In the mornings when I didn't go fishing all night, while drinking coffee on the terrace, I watched with great interest the ritual by which the cooks chose their raw material of the day directly from the fishermen's boats that stopped there for the first time after emptying setcilor on their way to cherhana. There I saw for the first time Caras of 3 kilos or bream of 5 kilos!
The days when we went fishing like "professionals" that started at 4:30 a.m. with a gentle wake-up call by the boatmen who were waiting for us with steaming coffee and the packet that replaced breakfast, catfish and carp roe, smoked and marinated mackerel, the mysilics of the area.

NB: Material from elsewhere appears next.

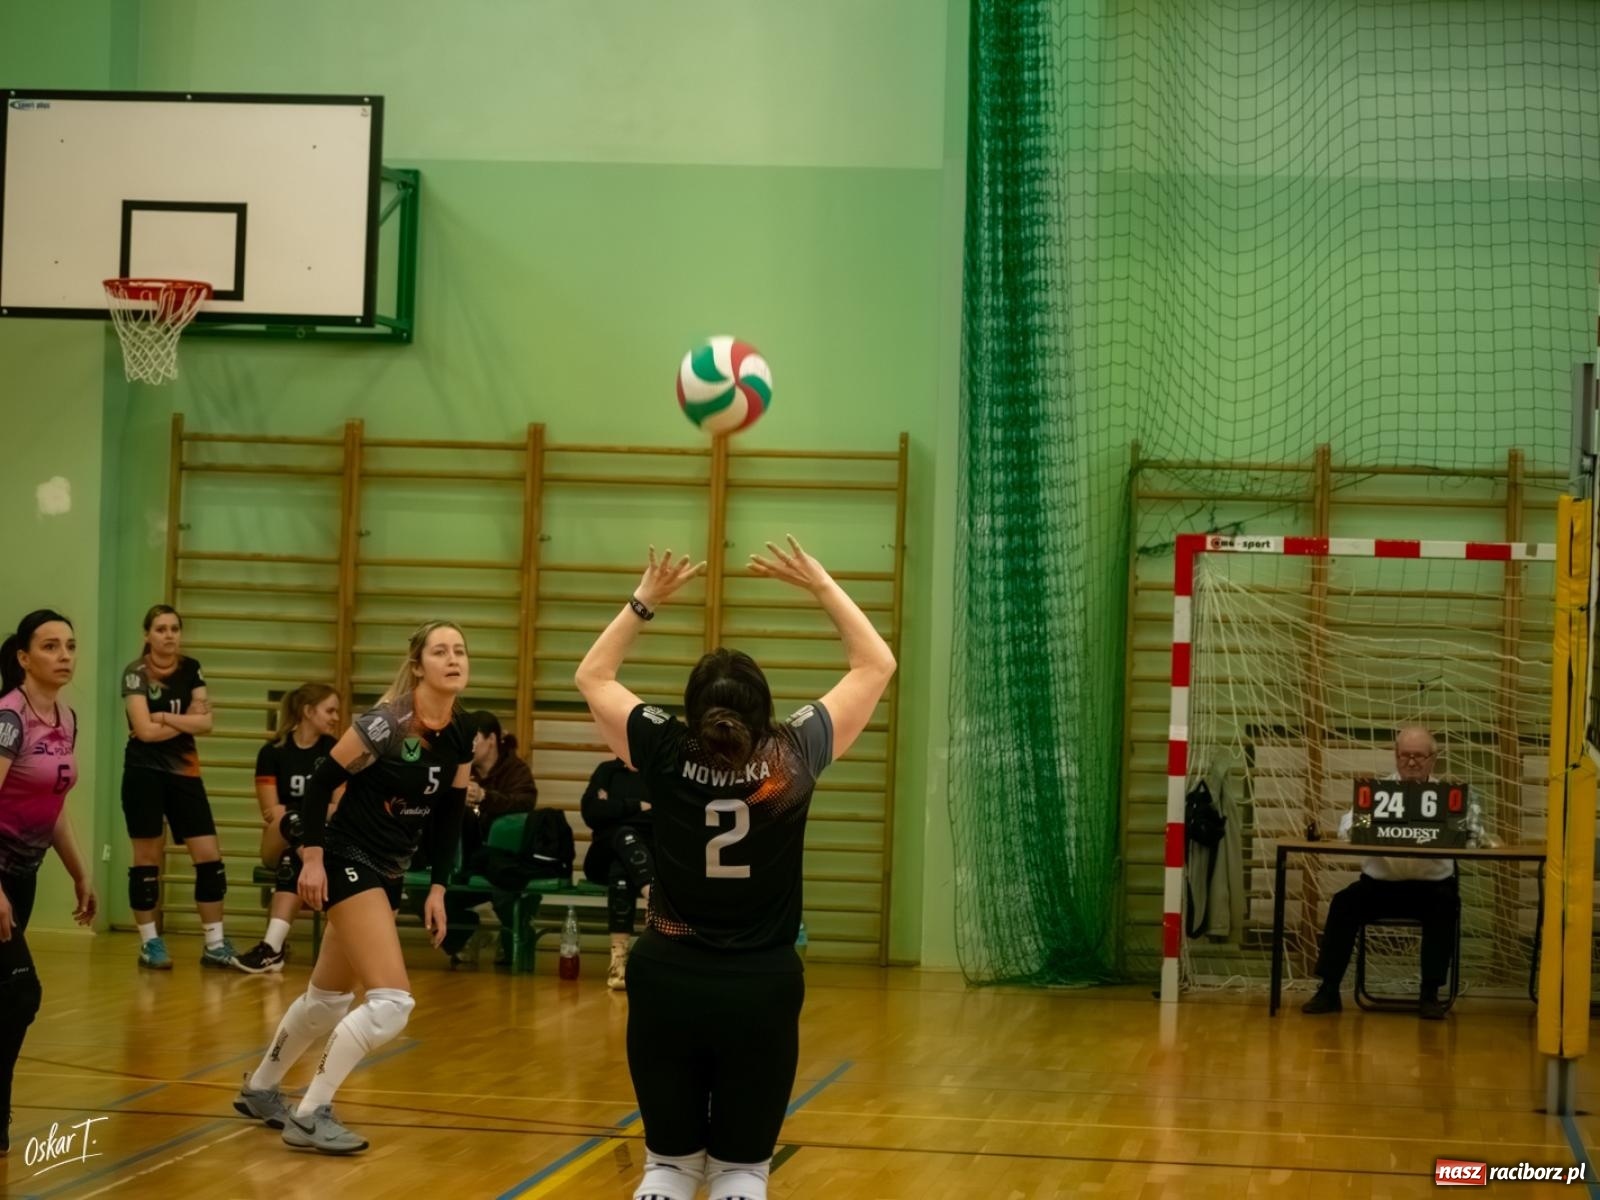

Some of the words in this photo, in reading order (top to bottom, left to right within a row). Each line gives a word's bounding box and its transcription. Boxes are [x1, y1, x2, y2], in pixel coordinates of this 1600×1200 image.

When we returned with great catches, for a small fee, the trained staff would clean, package and freeze our fish! We also achieved a special closeness with almost all the staff from "Cormoranul" by anointing the relations with a bottle of "Ceausescu" vodka, gifts received with enthusiasm by them!
One of the days, at the recommendation of the owner, we went with two professional fishermen from Lipovi, to have an authentic lunch in the lake! Igor and Vania picked us up from the pier of the establishment and we started upstream towards the famous loop of the St. Gheorghe arm, about where they had their fishing concession. Somewhere to the right on our direction of travel we turned onto a small canal covered by vaults formed by weeping willows reaching a small gravel between the waters there having the hut, the 2's living base during the summer season, in the fall moving Razelm . At the appearance of bottles of vodka lu* Nea Nicu, the 2 vajnic hosts became more voluble and more energetic so that we began to see a little of the hard life they led. It was shocking to learn about the purchase rates practiced by the traders, 2 tons of Chinese carp were remunerated with less than the equivalent of a case of ordinary beer, the fees for granting fishing concessions rose to the quotas of customs officers in the west of the country, access to services practically non-existent health. Other sources of income outside of fishing are also non-existent. . . .
It is certain that I ate one of the tastiest meals in the Delta in all my pilgrimages, I think it is easier for me to count the years when I have not been than the ones I have been, not infrequently going several times in the same year. They say that you can make a fisherman out of a man, but you can't make a fisherman out of a man!
In conclusion, I would mention that the 90s left me with the sour-bitter taste of galloping inflation, the money spent on 10 beers the next day turned out to be enough for only 5!